Right now the Giant Mine is fenced and people cannot go on the site. In the future, after clean up of the Giant Mine, some people have said that they would like to hike, walk, or run on certain areas of the site. These activities will not result in any increase in risk. Members of the YKDFN have said that they do not want to use the site in the future. At the former Townsite, the soil will be cleaned up to the GNWT residential value while the sediments close to the shore will be cleaned up to background levels. In the future, if people were to live in the former Townsite area, the risks would be similar to those for people living in the City of Yellowknife or Dettah.

As the risks in Ndilo are higher than in other areas, a plan to clean up the soils should be considered for the community. Additional soil sampling should be carried out at Latham Island and the Townsite area after clean up to find out whether the levels in the soil are similar to those used in the risk assessment.

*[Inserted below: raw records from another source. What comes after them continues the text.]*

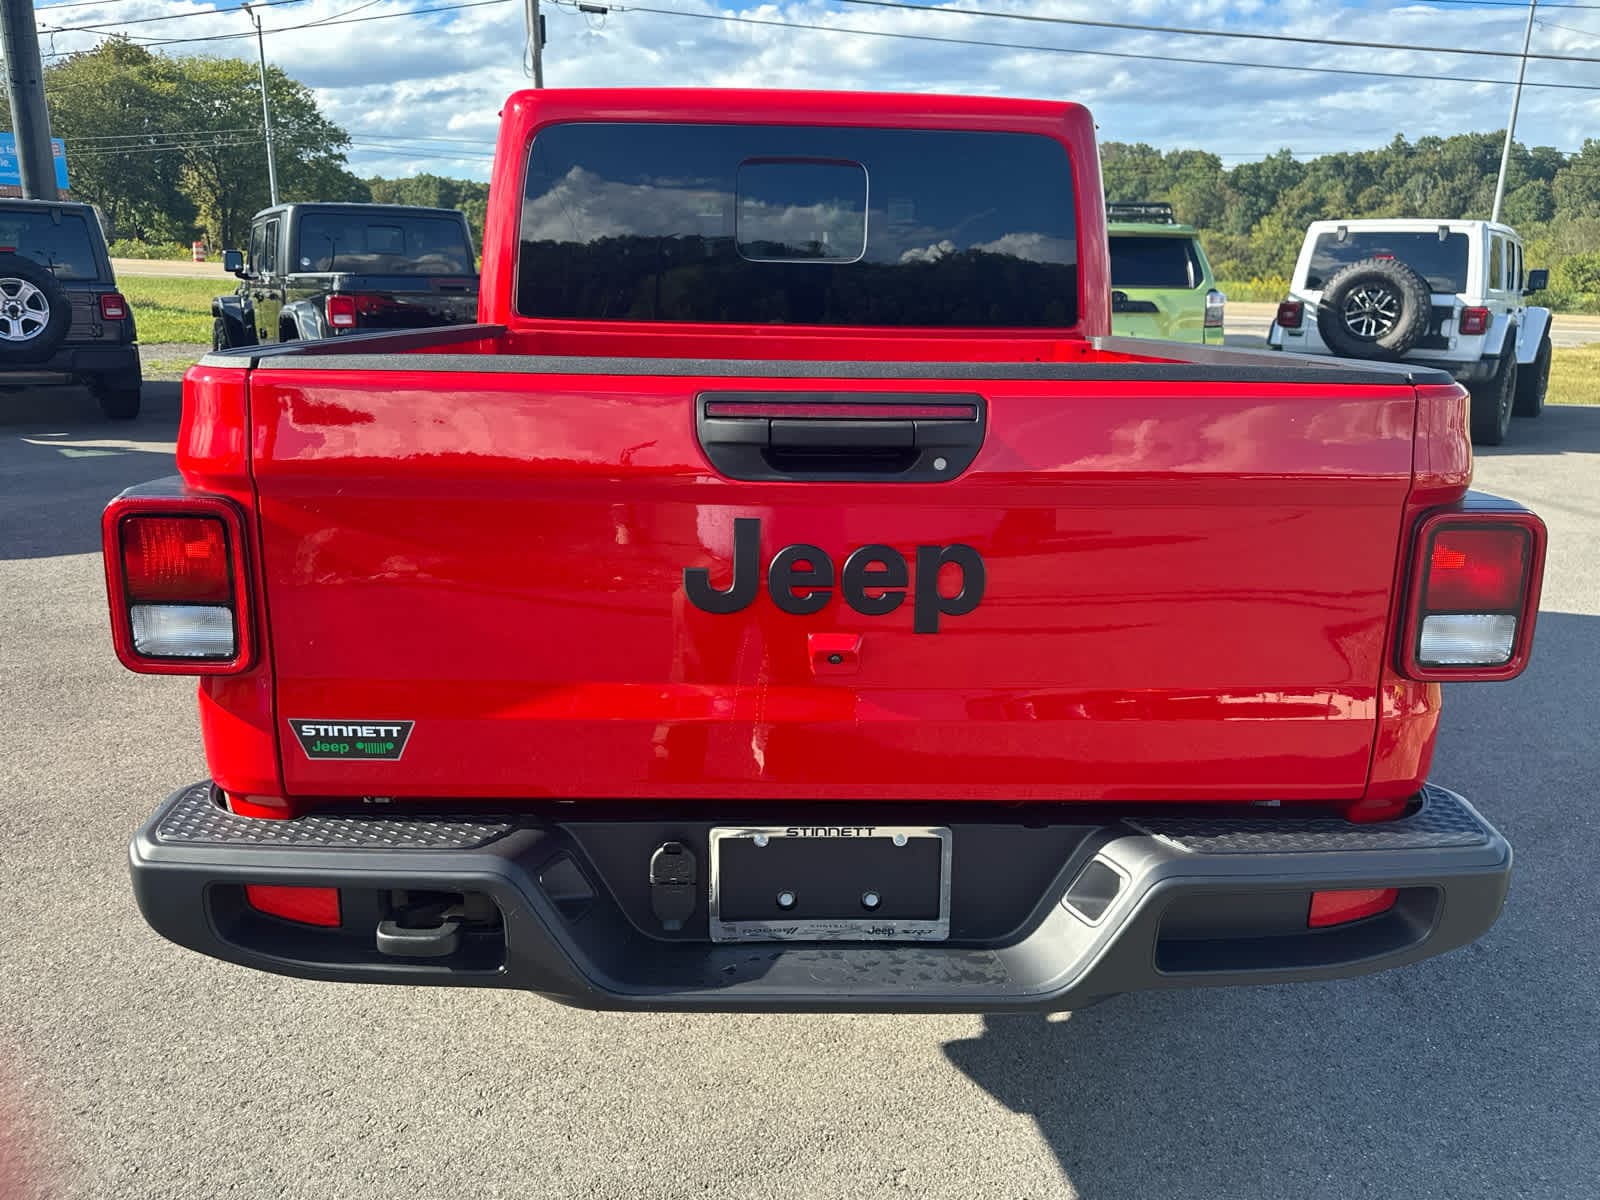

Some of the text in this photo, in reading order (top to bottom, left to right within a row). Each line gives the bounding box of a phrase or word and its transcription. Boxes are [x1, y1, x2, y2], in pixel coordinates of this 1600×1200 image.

[682, 518, 986, 634] Jeep
[301, 724, 402, 738] STINNETT
[312, 740, 349, 754] Jeep
[785, 827, 876, 838] STINNETT
[866, 925, 895, 937] Jeep

Ecological Risk Assessment

What plants and animals were considered?

A number of different animals were included, such as small animals like mice that spend all their time on the site and larger animals like a lynx or fox that could move across the Giant Mine. Very large animals such as moose, caribou, and bear were not studied as the Giant Mine is only a small part of the area they use, and studies done before found that they were not at risk. Plants that grow on the site were also studied. Fish, water plants, insects, and small animals (muskrat, mink) that are present in Baker Creek were studied (Figure 11).

Figure 11: Examples from the ERA of who is exposed
Description of Figure 11: Examples from the ERA of who is exposed

Figure 11 shows image examples from the Ecological Risk Assessment of what might be exposed to contaminants. Images include small fish, beavers, songbirds, waterfowl, water, berries, rabbits, fox, ptarmigan, and lichen.

What are the results of the ERA?

There are high levels of arsenic in the sediments of Yellowknife Bay close to the Giant Mine and these are expected to go down slowly over time.

Right now there are some effects on fish and insects that live in the sediments in Baker Creek but things will get better once the clean up in the creek is done. Moving the treatment plant pipe to the mouth of Baker Creek will change the flow in Baker Creek and it may be dry during the summer months.

After the clean up things will get better on the Giant Mine but small animals may still have some effects.